TASK: Transcribe the full listing exactly.

DATASET EXTRACT:

┌────────

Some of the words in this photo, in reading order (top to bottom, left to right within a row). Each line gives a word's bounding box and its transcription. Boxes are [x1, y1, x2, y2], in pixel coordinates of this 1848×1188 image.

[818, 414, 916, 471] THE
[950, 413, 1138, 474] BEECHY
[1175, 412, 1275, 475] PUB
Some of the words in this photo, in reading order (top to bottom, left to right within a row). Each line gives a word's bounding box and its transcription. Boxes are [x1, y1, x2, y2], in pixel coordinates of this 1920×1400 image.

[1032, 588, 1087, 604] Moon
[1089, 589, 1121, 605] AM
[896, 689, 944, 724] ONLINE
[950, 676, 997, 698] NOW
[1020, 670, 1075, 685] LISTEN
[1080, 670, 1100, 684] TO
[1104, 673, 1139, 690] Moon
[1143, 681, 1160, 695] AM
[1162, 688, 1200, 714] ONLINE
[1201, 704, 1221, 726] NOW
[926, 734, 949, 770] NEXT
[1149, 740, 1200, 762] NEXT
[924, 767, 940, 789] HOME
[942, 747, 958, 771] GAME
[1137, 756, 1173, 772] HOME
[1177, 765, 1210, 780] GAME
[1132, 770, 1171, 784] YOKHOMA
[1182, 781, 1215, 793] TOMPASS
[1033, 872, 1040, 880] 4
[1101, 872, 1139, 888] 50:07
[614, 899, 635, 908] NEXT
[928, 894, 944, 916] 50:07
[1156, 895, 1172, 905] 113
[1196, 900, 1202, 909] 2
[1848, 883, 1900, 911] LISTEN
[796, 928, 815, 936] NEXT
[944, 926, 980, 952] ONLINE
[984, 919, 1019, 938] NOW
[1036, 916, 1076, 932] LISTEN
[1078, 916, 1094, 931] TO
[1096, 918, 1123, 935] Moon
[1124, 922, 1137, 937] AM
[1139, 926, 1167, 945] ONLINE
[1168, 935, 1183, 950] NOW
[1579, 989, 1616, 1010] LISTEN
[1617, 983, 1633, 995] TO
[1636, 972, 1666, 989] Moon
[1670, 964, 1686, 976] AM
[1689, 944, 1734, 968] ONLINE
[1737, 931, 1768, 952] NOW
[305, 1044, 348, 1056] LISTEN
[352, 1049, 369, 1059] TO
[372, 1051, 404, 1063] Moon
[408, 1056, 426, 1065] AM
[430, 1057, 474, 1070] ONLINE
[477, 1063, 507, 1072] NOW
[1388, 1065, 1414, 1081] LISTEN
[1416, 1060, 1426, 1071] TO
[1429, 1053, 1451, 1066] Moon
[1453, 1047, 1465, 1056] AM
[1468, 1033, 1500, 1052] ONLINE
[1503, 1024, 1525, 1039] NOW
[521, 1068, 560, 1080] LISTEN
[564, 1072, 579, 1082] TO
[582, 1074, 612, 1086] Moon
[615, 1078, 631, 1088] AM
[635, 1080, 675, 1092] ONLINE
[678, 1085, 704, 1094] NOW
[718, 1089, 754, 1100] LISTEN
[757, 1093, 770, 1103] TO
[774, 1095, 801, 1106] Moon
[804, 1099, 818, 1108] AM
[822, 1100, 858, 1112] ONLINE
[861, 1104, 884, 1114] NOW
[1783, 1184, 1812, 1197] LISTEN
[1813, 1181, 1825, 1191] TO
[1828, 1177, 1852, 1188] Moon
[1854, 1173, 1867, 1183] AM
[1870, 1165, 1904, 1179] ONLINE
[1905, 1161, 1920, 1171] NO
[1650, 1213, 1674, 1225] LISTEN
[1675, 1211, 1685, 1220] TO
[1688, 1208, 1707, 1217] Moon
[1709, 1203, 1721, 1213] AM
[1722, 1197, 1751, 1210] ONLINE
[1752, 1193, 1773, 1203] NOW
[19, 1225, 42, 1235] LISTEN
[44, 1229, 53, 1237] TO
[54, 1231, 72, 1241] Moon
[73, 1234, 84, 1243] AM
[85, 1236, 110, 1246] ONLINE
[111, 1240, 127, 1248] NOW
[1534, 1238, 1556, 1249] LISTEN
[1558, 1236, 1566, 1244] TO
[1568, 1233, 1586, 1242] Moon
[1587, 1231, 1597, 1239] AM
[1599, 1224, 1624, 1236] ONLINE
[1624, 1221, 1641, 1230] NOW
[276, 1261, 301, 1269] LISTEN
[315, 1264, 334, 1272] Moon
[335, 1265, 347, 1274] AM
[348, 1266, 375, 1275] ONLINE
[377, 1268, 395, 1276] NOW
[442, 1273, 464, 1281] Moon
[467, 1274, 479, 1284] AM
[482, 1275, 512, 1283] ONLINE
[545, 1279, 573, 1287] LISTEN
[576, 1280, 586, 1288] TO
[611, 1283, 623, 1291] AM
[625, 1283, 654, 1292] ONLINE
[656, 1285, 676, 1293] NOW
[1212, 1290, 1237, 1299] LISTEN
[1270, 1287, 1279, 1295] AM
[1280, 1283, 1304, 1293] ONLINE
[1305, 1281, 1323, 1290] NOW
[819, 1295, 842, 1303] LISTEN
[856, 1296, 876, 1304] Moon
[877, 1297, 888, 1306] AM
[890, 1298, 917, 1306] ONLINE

└────────

RESPONSE AREA:
Some of the words in this photo, in reading order (top to bottom, left to right within a row). Each line gives a word's bounding box and its transcription. Boxes are [x1, y1, x2, y2], in pixel coordinates of this 1848×1188 image.

[818, 414, 916, 471] THE
[950, 413, 1138, 474] BEECHY
[1175, 412, 1275, 475] PUB
Some of the words in this photo, in reading order (top to bottom, left to right within a row). Each line gives a word's bounding box and its transcription. Boxes are [x1, y1, x2, y2], in pixel coordinates of this 1920×1400 image.

[1032, 588, 1087, 604] Moon
[1089, 589, 1121, 605] AM
[896, 689, 944, 724] ONLINE
[950, 676, 997, 698] NOW
[1020, 670, 1075, 685] LISTEN
[1080, 670, 1100, 684] TO
[1104, 673, 1139, 690] Moon
[1143, 681, 1160, 695] AM
[1162, 688, 1200, 714] ONLINE
[1201, 704, 1221, 726] NOW
[926, 734, 949, 770] NEXT
[1149, 740, 1200, 762] NEXT
[924, 767, 940, 789] HOME
[942, 747, 958, 771] GAME
[1137, 756, 1173, 772] HOME
[1177, 765, 1210, 780] GAME
[1132, 770, 1171, 784] YOKHOMA
[1182, 781, 1215, 793] TOMPASS
[1033, 872, 1040, 880] 4
[1101, 872, 1139, 888] 50:07
[614, 899, 635, 908] NEXT
[928, 894, 944, 916] 50:07
[1156, 895, 1172, 905] 113
[1196, 900, 1202, 909] 2
[1848, 883, 1900, 911] LISTEN
[796, 928, 815, 936] NEXT
[944, 926, 980, 952] ONLINE
[984, 919, 1019, 938] NOW
[1036, 916, 1076, 932] LISTEN
[1078, 916, 1094, 931] TO
[1096, 918, 1123, 935] Moon
[1124, 922, 1137, 937] AM
[1139, 926, 1167, 945] ONLINE
[1168, 935, 1183, 950] NOW
[1579, 989, 1616, 1010] LISTEN
[1617, 983, 1633, 995] TO
[1636, 972, 1666, 989] Moon
[1670, 964, 1686, 976] AM
[1689, 944, 1734, 968] ONLINE
[1737, 931, 1768, 952] NOW
[305, 1044, 348, 1056] LISTEN
[352, 1049, 369, 1059] TO
[372, 1051, 404, 1063] Moon
[408, 1056, 426, 1065] AM
[430, 1057, 474, 1070] ONLINE
[477, 1063, 507, 1072] NOW
[1388, 1065, 1414, 1081] LISTEN
[1416, 1060, 1426, 1071] TO
[1429, 1053, 1451, 1066] Moon
[1453, 1047, 1465, 1056] AM
[1468, 1033, 1500, 1052] ONLINE
[1503, 1024, 1525, 1039] NOW
[521, 1068, 560, 1080] LISTEN
[564, 1072, 579, 1082] TO
[582, 1074, 612, 1086] Moon
[615, 1078, 631, 1088] AM
[635, 1080, 675, 1092] ONLINE
[678, 1085, 704, 1094] NOW
[718, 1089, 754, 1100] LISTEN
[757, 1093, 770, 1103] TO
[774, 1095, 801, 1106] Moon
[804, 1099, 818, 1108] AM
[822, 1100, 858, 1112] ONLINE
[861, 1104, 884, 1114] NOW
[1783, 1184, 1812, 1197] LISTEN
[1813, 1181, 1825, 1191] TO
[1828, 1177, 1852, 1188] Moon
[1854, 1173, 1867, 1183] AM
[1870, 1165, 1904, 1179] ONLINE
[1905, 1161, 1920, 1171] NO
[1650, 1213, 1674, 1225] LISTEN
[1675, 1211, 1685, 1220] TO
[1688, 1208, 1707, 1217] Moon
[1709, 1203, 1721, 1213] AM
[1722, 1197, 1751, 1210] ONLINE
[1752, 1193, 1773, 1203] NOW
[19, 1225, 42, 1235] LISTEN
[44, 1229, 53, 1237] TO
[54, 1231, 72, 1241] Moon
[73, 1234, 84, 1243] AM
[85, 1236, 110, 1246] ONLINE
[111, 1240, 127, 1248] NOW
[1534, 1238, 1556, 1249] LISTEN
[1558, 1236, 1566, 1244] TO
[1568, 1233, 1586, 1242] Moon
[1587, 1231, 1597, 1239] AM
[1599, 1224, 1624, 1236] ONLINE
[1624, 1221, 1641, 1230] NOW
[276, 1261, 301, 1269] LISTEN
[315, 1264, 334, 1272] Moon
[335, 1265, 347, 1274] AM
[348, 1266, 375, 1275] ONLINE
[377, 1268, 395, 1276] NOW
[442, 1273, 464, 1281] Moon
[467, 1274, 479, 1284] AM
[482, 1275, 512, 1283] ONLINE
[545, 1279, 573, 1287] LISTEN
[576, 1280, 586, 1288] TO
[611, 1283, 623, 1291] AM
[625, 1283, 654, 1292] ONLINE
[656, 1285, 676, 1293] NOW
[1212, 1290, 1237, 1299] LISTEN
[1270, 1287, 1279, 1295] AM
[1280, 1283, 1304, 1293] ONLINE
[1305, 1281, 1323, 1290] NOW
[819, 1295, 842, 1303] LISTEN
[856, 1296, 876, 1304] Moon
[877, 1297, 888, 1306] AM
[890, 1298, 917, 1306] ONLINE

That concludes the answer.